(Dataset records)
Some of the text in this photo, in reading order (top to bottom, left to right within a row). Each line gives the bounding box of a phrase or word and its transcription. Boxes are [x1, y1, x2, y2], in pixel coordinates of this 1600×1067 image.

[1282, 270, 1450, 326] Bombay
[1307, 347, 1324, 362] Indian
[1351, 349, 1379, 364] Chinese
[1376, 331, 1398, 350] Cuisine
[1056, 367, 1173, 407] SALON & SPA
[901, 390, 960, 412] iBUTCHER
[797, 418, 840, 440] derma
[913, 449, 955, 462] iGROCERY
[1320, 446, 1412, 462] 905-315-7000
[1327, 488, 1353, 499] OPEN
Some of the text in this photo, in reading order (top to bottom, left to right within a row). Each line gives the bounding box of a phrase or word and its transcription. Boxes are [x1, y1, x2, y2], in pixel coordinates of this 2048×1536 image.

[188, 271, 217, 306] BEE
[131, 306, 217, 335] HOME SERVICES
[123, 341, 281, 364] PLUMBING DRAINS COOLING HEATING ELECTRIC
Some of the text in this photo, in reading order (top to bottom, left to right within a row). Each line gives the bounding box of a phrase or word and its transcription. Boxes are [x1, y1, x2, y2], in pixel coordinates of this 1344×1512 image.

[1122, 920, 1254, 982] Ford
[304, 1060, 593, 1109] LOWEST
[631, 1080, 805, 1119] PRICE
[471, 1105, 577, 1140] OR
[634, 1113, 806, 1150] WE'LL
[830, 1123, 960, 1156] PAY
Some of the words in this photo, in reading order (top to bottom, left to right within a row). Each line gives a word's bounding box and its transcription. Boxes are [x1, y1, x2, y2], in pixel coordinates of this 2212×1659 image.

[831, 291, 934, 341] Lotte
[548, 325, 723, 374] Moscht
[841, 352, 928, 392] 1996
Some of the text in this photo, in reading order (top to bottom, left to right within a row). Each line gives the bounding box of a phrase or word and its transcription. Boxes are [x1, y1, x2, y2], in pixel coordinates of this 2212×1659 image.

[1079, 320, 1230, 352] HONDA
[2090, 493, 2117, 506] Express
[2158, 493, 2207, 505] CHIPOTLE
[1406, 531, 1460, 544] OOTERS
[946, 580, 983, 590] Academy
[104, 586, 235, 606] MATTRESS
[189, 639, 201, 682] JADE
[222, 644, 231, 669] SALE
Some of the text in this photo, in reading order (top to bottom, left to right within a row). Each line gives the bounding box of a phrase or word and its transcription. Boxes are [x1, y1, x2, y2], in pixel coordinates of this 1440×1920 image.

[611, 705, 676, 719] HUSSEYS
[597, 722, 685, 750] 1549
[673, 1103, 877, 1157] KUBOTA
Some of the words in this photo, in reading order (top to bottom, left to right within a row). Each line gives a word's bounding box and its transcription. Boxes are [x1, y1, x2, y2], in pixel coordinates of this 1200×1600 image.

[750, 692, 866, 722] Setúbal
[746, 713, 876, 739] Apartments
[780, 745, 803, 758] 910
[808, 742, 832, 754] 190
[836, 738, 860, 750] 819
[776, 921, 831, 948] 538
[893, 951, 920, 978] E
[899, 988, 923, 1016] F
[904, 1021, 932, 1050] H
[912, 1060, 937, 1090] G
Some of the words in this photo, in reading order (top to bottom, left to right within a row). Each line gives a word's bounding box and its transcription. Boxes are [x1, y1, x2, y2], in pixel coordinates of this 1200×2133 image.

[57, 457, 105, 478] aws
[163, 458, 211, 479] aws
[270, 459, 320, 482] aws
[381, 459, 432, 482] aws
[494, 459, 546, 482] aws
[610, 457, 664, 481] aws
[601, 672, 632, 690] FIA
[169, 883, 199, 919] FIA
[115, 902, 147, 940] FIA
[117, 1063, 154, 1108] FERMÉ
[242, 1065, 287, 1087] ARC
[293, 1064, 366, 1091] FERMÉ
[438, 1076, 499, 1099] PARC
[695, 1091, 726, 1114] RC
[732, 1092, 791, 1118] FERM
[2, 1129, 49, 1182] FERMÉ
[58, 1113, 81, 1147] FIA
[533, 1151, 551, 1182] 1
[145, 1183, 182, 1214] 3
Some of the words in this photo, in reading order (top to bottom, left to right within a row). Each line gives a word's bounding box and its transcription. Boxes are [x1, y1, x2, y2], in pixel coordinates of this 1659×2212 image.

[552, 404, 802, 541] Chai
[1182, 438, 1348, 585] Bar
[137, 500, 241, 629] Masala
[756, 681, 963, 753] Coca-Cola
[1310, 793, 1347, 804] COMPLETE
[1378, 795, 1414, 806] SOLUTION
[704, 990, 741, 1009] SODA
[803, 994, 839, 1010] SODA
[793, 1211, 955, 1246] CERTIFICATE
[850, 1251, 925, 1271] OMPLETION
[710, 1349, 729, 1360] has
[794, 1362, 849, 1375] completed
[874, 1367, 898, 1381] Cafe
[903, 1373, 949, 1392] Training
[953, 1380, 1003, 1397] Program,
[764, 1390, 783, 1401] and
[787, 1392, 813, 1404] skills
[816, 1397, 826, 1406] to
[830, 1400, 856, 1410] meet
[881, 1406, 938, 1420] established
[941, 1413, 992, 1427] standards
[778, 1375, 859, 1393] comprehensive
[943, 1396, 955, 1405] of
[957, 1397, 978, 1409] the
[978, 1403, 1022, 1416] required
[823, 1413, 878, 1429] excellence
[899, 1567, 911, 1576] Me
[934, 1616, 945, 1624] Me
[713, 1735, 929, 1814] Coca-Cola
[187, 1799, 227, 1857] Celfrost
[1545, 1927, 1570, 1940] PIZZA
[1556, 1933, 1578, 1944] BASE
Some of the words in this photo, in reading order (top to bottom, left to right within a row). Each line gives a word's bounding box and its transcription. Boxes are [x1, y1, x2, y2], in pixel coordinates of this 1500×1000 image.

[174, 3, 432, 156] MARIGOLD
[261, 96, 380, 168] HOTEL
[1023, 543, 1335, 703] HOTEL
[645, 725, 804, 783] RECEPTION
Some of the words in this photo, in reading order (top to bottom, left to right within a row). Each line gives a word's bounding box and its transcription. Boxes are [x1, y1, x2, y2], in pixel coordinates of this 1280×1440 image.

EXERCISE PROMPT = Every record above must be printed again exactly.

THE COMPLETED TASK =
Some of the text in this photo, in reading order (top to bottom, left to right within a row). Each line gives the bounding box of a phrase or word and its transcription. Boxes are [x1, y1, x2, y2], in pixel coordinates of this 1600×1067 image.

[1282, 270, 1450, 326] Bombay
[1307, 347, 1324, 362] Indian
[1351, 349, 1379, 364] Chinese
[1376, 331, 1398, 350] Cuisine
[1056, 367, 1173, 407] SALON & SPA
[901, 390, 960, 412] iBUTCHER
[797, 418, 840, 440] derma
[913, 449, 955, 462] iGROCERY
[1320, 446, 1412, 462] 905-315-7000
[1327, 488, 1353, 499] OPEN
Some of the text in this photo, in reading order (top to bottom, left to right within a row). Each line gives the bounding box of a phrase or word and its transcription. Boxes are [x1, y1, x2, y2], in pixel coordinates of this 2048×1536 image.

[188, 271, 217, 306] BEE
[131, 306, 217, 335] HOME SERVICES
[123, 341, 281, 364] PLUMBING DRAINS COOLING HEATING ELECTRIC
Some of the text in this photo, in reading order (top to bottom, left to right within a row). Each line gives the bounding box of a phrase or word and its transcription. Boxes are [x1, y1, x2, y2], in pixel coordinates of this 1344×1512 image.

[1122, 920, 1254, 982] Ford
[304, 1060, 593, 1109] LOWEST
[631, 1080, 805, 1119] PRICE
[471, 1105, 577, 1140] OR
[634, 1113, 806, 1150] WE'LL
[830, 1123, 960, 1156] PAY
Some of the words in this photo, in reading order (top to bottom, left to right within a row). Each line gives a word's bounding box and its transcription. Boxes are [x1, y1, x2, y2], in pixel coordinates of this 2212×1659 image.

[831, 291, 934, 341] Lotte
[548, 325, 723, 374] Moscht
[841, 352, 928, 392] 1996
Some of the text in this photo, in reading order (top to bottom, left to right within a row). Each line gives the bounding box of a phrase or word and its transcription. Boxes are [x1, y1, x2, y2], in pixel coordinates of this 2212×1659 image.

[1079, 320, 1230, 352] HONDA
[2090, 493, 2117, 506] Express
[2158, 493, 2207, 505] CHIPOTLE
[1406, 531, 1460, 544] OOTERS
[946, 580, 983, 590] Academy
[104, 586, 235, 606] MATTRESS
[189, 639, 201, 682] JADE
[222, 644, 231, 669] SALE
Some of the text in this photo, in reading order (top to bottom, left to right within a row). Each line gives the bounding box of a phrase or word and its transcription. Boxes are [x1, y1, x2, y2], in pixel coordinates of this 1440×1920 image.

[611, 705, 676, 719] HUSSEYS
[597, 722, 685, 750] 1549
[673, 1103, 877, 1157] KUBOTA
Some of the words in this photo, in reading order (top to bottom, left to right within a row). Each line gives a word's bounding box and its transcription. Boxes are [x1, y1, x2, y2], in pixel coordinates of this 1200×1600 image.

[750, 692, 866, 722] Setúbal
[746, 713, 876, 739] Apartments
[780, 745, 803, 758] 910
[808, 742, 832, 754] 190
[836, 738, 860, 750] 819
[776, 921, 831, 948] 538
[893, 951, 920, 978] E
[899, 988, 923, 1016] F
[904, 1021, 932, 1050] H
[912, 1060, 937, 1090] G
Some of the words in this photo, in reading order (top to bottom, left to right within a row). Each line gives a word's bounding box and its transcription. Boxes are [x1, y1, x2, y2], in pixel coordinates of this 1200×2133 image.

[57, 457, 105, 478] aws
[163, 458, 211, 479] aws
[270, 459, 320, 482] aws
[381, 459, 432, 482] aws
[494, 459, 546, 482] aws
[610, 457, 664, 481] aws
[601, 672, 632, 690] FIA
[169, 883, 199, 919] FIA
[115, 902, 147, 940] FIA
[117, 1063, 154, 1108] FERMÉ
[242, 1065, 287, 1087] ARC
[293, 1064, 366, 1091] FERMÉ
[438, 1076, 499, 1099] PARC
[695, 1091, 726, 1114] RC
[732, 1092, 791, 1118] FERM
[2, 1129, 49, 1182] FERMÉ
[58, 1113, 81, 1147] FIA
[533, 1151, 551, 1182] 1
[145, 1183, 182, 1214] 3
Some of the words in this photo, in reading order (top to bottom, left to right within a row). Each line gives a word's bounding box and its transcription. Boxes are [x1, y1, x2, y2], in pixel coordinates of this 1659×2212 image.

[552, 404, 802, 541] Chai
[1182, 438, 1348, 585] Bar
[137, 500, 241, 629] Masala
[756, 681, 963, 753] Coca-Cola
[1310, 793, 1347, 804] COMPLETE
[1378, 795, 1414, 806] SOLUTION
[704, 990, 741, 1009] SODA
[803, 994, 839, 1010] SODA
[793, 1211, 955, 1246] CERTIFICATE
[850, 1251, 925, 1271] OMPLETION
[710, 1349, 729, 1360] has
[794, 1362, 849, 1375] completed
[874, 1367, 898, 1381] Cafe
[903, 1373, 949, 1392] Training
[953, 1380, 1003, 1397] Program,
[764, 1390, 783, 1401] and
[787, 1392, 813, 1404] skills
[816, 1397, 826, 1406] to
[830, 1400, 856, 1410] meet
[881, 1406, 938, 1420] established
[941, 1413, 992, 1427] standards
[778, 1375, 859, 1393] comprehensive
[943, 1396, 955, 1405] of
[957, 1397, 978, 1409] the
[978, 1403, 1022, 1416] required
[823, 1413, 878, 1429] excellence
[899, 1567, 911, 1576] Me
[934, 1616, 945, 1624] Me
[713, 1735, 929, 1814] Coca-Cola
[187, 1799, 227, 1857] Celfrost
[1545, 1927, 1570, 1940] PIZZA
[1556, 1933, 1578, 1944] BASE
Some of the words in this photo, in reading order (top to bottom, left to right within a row). Each line gives a word's bounding box and its transcription. Boxes are [x1, y1, x2, y2], in pixel coordinates of this 1500×1000 image.

[174, 3, 432, 156] MARIGOLD
[261, 96, 380, 168] HOTEL
[1023, 543, 1335, 703] HOTEL
[645, 725, 804, 783] RECEPTION
Some of the words in this photo, in reading order (top to bottom, left to right within a row). Each line gives a word's bounding box and its transcription. Boxes are [x1, y1, x2, y2], in pixel coordinates of this 1280×1440 image.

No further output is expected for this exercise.